Mercy Corps

To alleviate suffering, poverty and oppression by helping people build secure, productive and just communities.
Nov 10, 2015

How a Young Woman is Fighting Back for Change


  • At just 16 years old, Masika has suffered through horrible violence. But now, she's focused on protecting her young daughter, and creating a better environment for other children in DRC. All photos: Corinna Robbins/Mercy Corps

At just 16 years old, Masika has suffered through horrible violence. But now, she's focused on protecting her young daughter, and creating a better environment for other children in DRC. See additional photos below. All photos: Corinna Robbins/Mercy Corps

Home for Masika is a small hut made of sticks and covered with tarps. It’s barely big enough to stand up in, yet she shares it with 10 family members — and has for the last seven years.

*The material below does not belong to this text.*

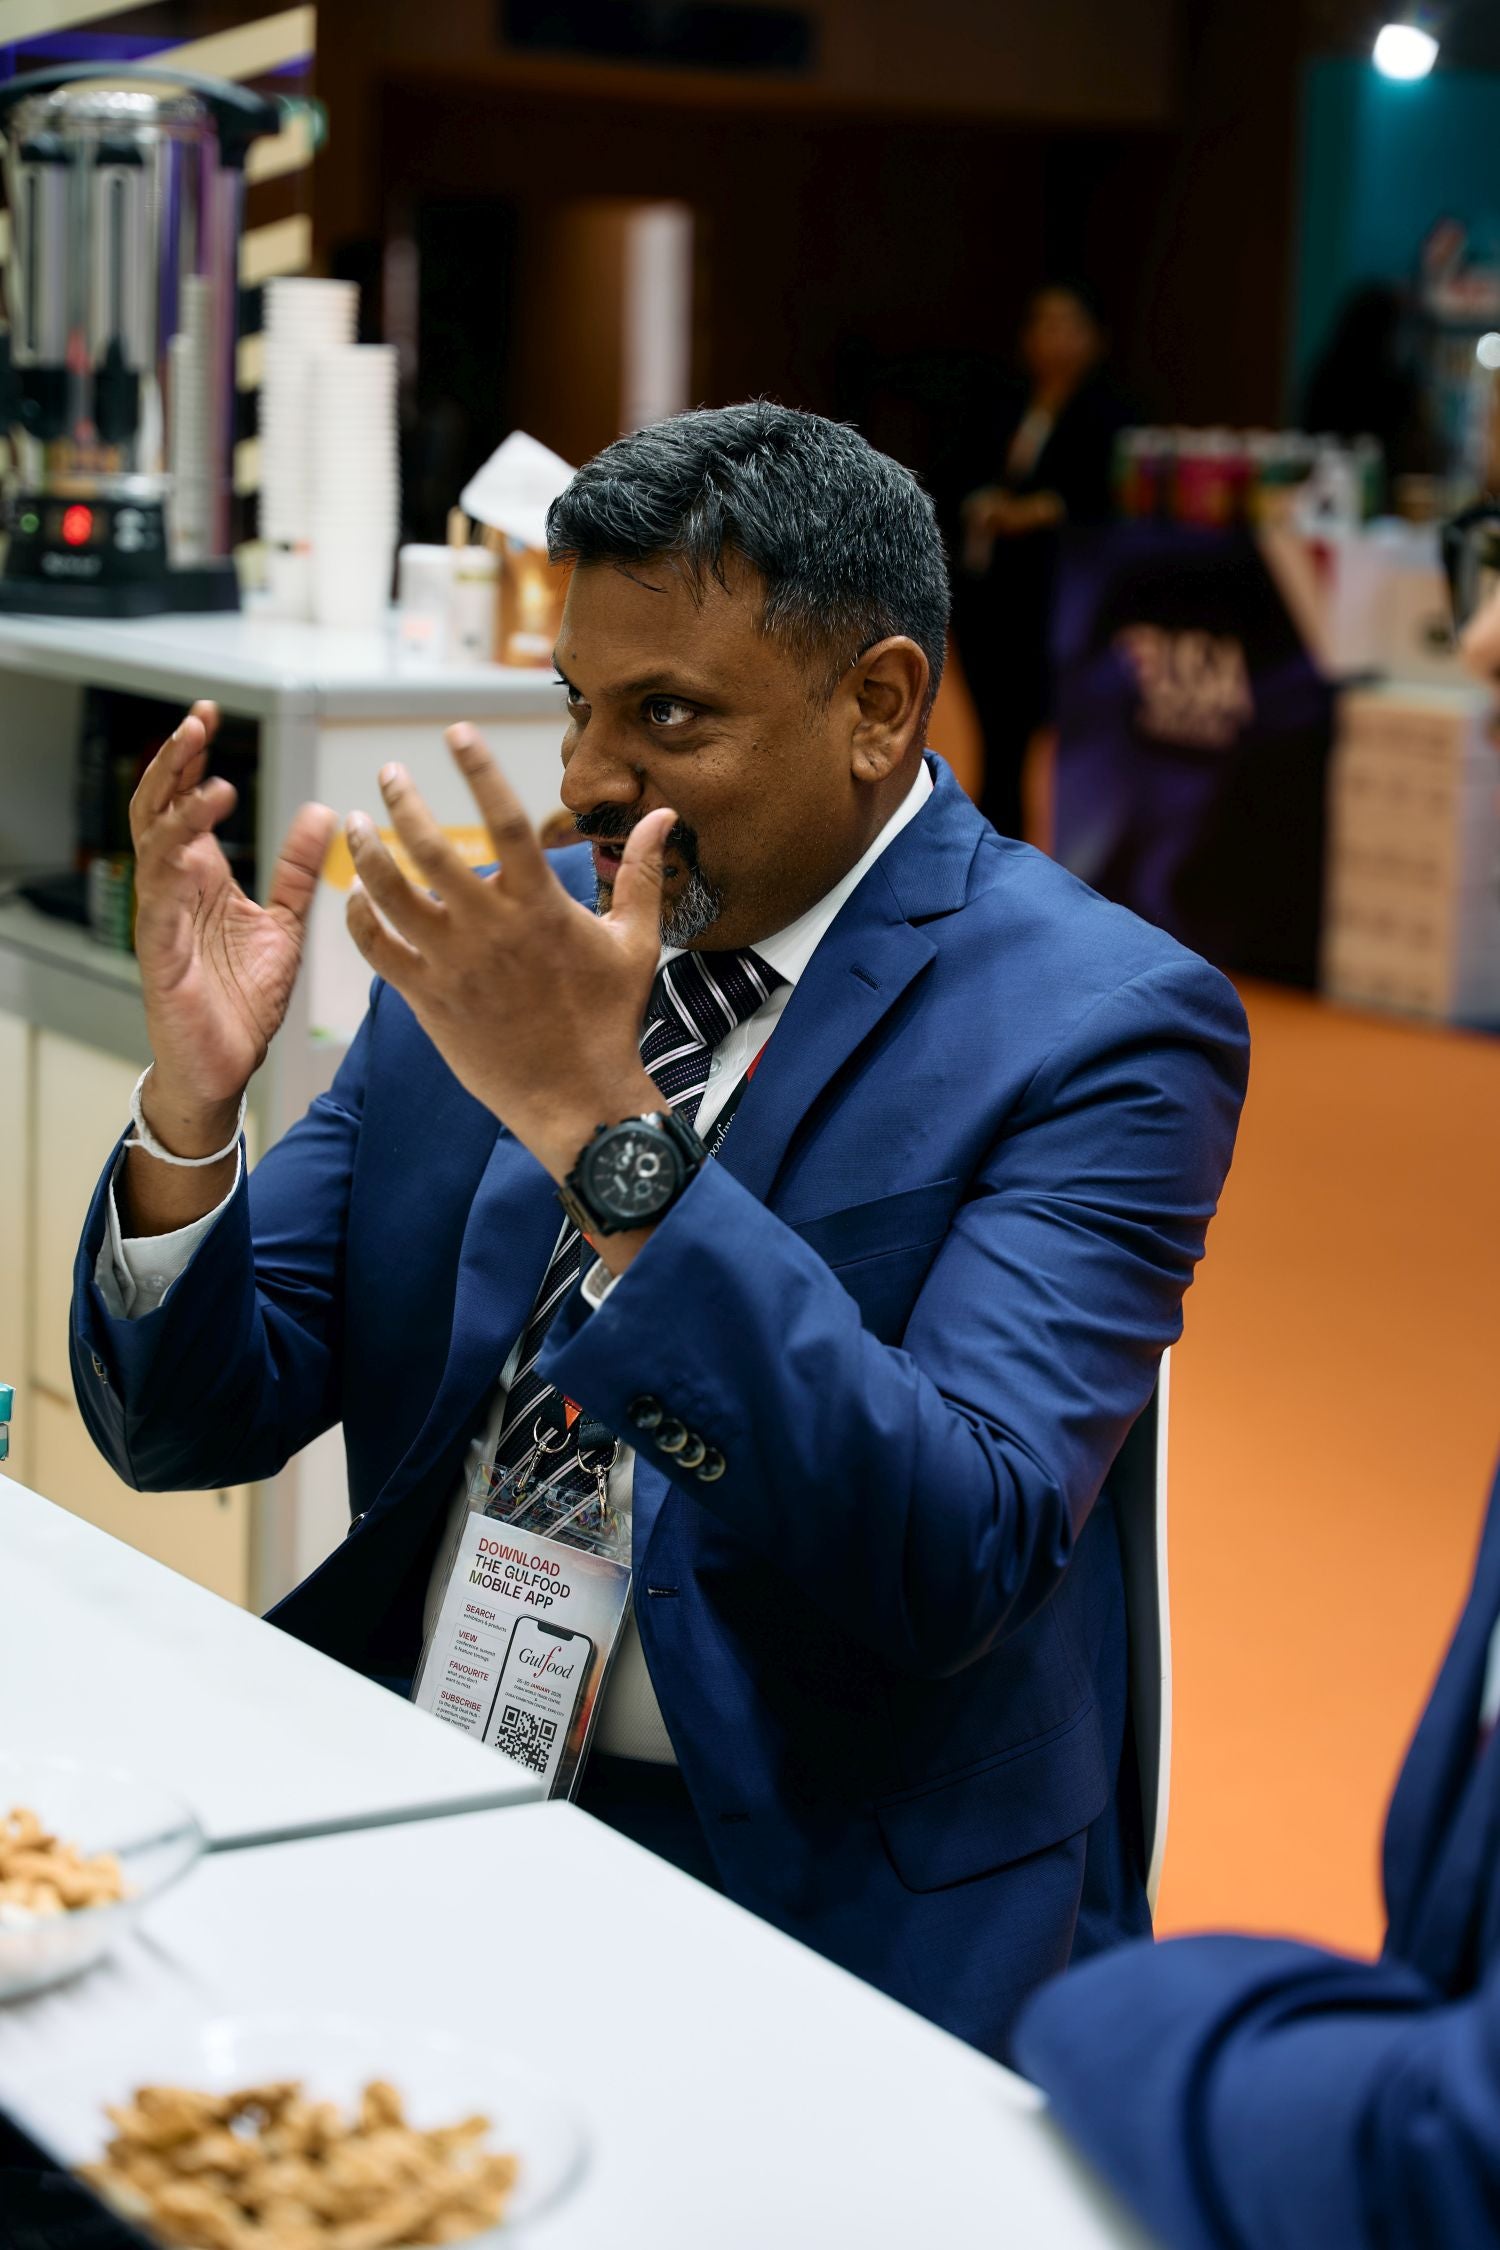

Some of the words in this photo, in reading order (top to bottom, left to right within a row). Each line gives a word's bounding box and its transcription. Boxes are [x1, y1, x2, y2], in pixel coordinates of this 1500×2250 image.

This is where 16-year-old Masika grew up: Mugunga 3 displacement camp, a sprawling sea of cramped shelters just like hers, on the outskirts of Goma in eastern Democratic Republic of Congo (DRC). It’s the oldest of many camps in this area, where Mercy Corps provides clean water and sanitation to keep families healthy.

Mugunga was first established to host refugees from the Rwandan genocide over 20 years ago, and is now home to nearly 5,000 Congolese people who’ve fled the brutal and widespread violence of rebel armies in the countryside.

And this is where Masika is raising her infant daughter, Prefina.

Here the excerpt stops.